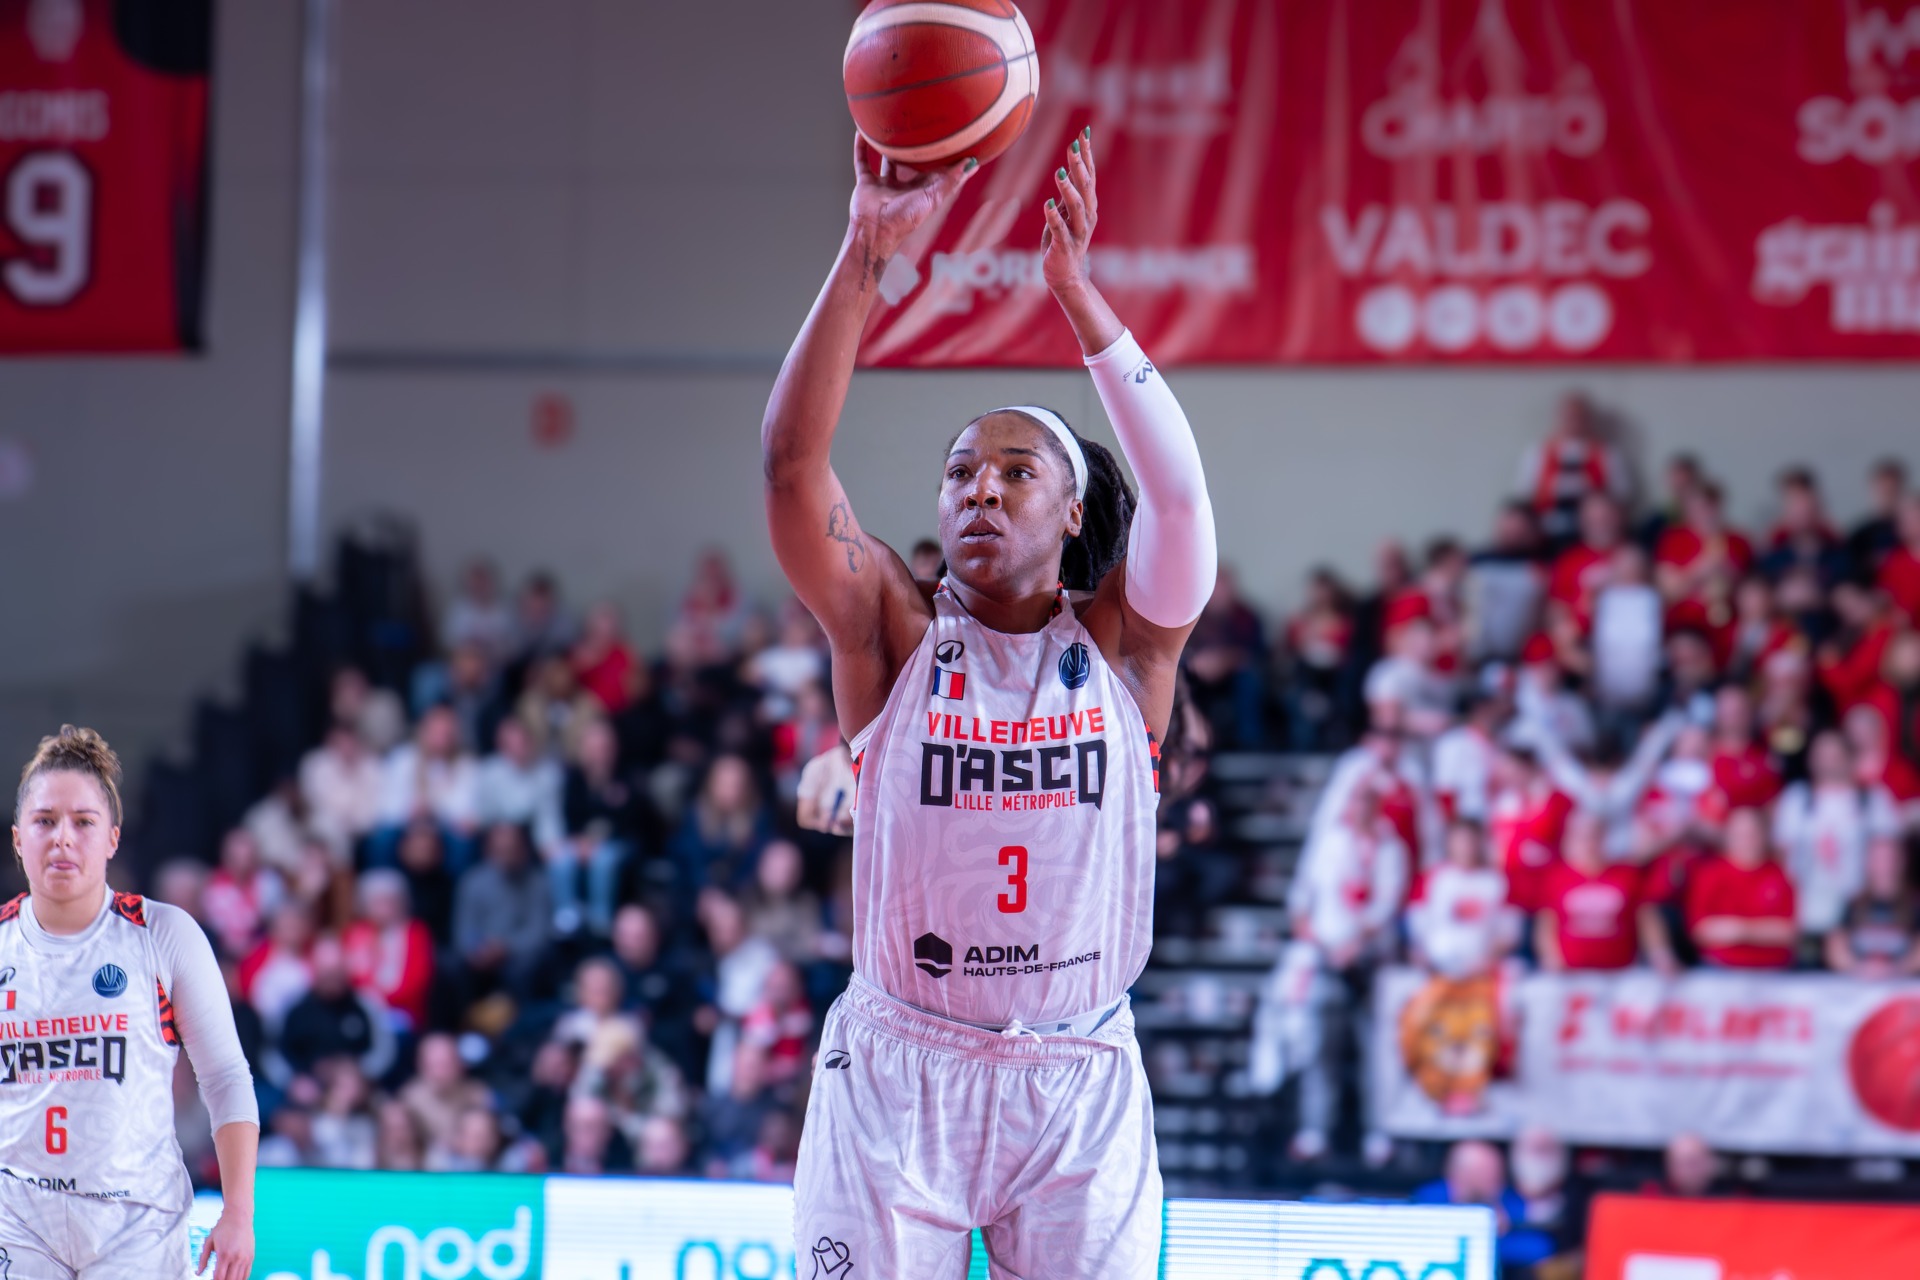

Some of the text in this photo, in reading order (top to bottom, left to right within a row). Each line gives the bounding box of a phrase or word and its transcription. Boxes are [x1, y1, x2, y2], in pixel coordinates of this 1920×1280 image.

[4, 151, 93, 307] 9
[1320, 199, 1652, 277] VALDEC
[927, 707, 1105, 745] VILLENEUVE
[920, 739, 1107, 811] D'ASCQ
[954, 790, 1077, 811] LILLE MÉTROPOLE
[997, 845, 1028, 914] 3
[963, 951, 1102, 977] HAUTS-DE-FRANCE
[964, 943, 1039, 964] ADIM
[46, 1106, 68, 1155] 6

## PROBLEM DESCRIPTION:
The data shown above must be printed again exactly, with no images included.

## EXERCISE RESPONSE:
Some of the text in this photo, in reading order (top to bottom, left to right within a row). Each line gives the bounding box of a phrase or word and its transcription. Boxes are [x1, y1, x2, y2], in pixel coordinates of this 1920×1280 image.

[4, 151, 93, 307] 9
[1320, 199, 1652, 277] VALDEC
[927, 707, 1105, 745] VILLENEUVE
[920, 739, 1107, 811] D'ASCQ
[954, 790, 1077, 811] LILLE MÉTROPOLE
[997, 845, 1028, 914] 3
[963, 951, 1102, 977] HAUTS-DE-FRANCE
[964, 943, 1039, 964] ADIM
[46, 1106, 68, 1155] 6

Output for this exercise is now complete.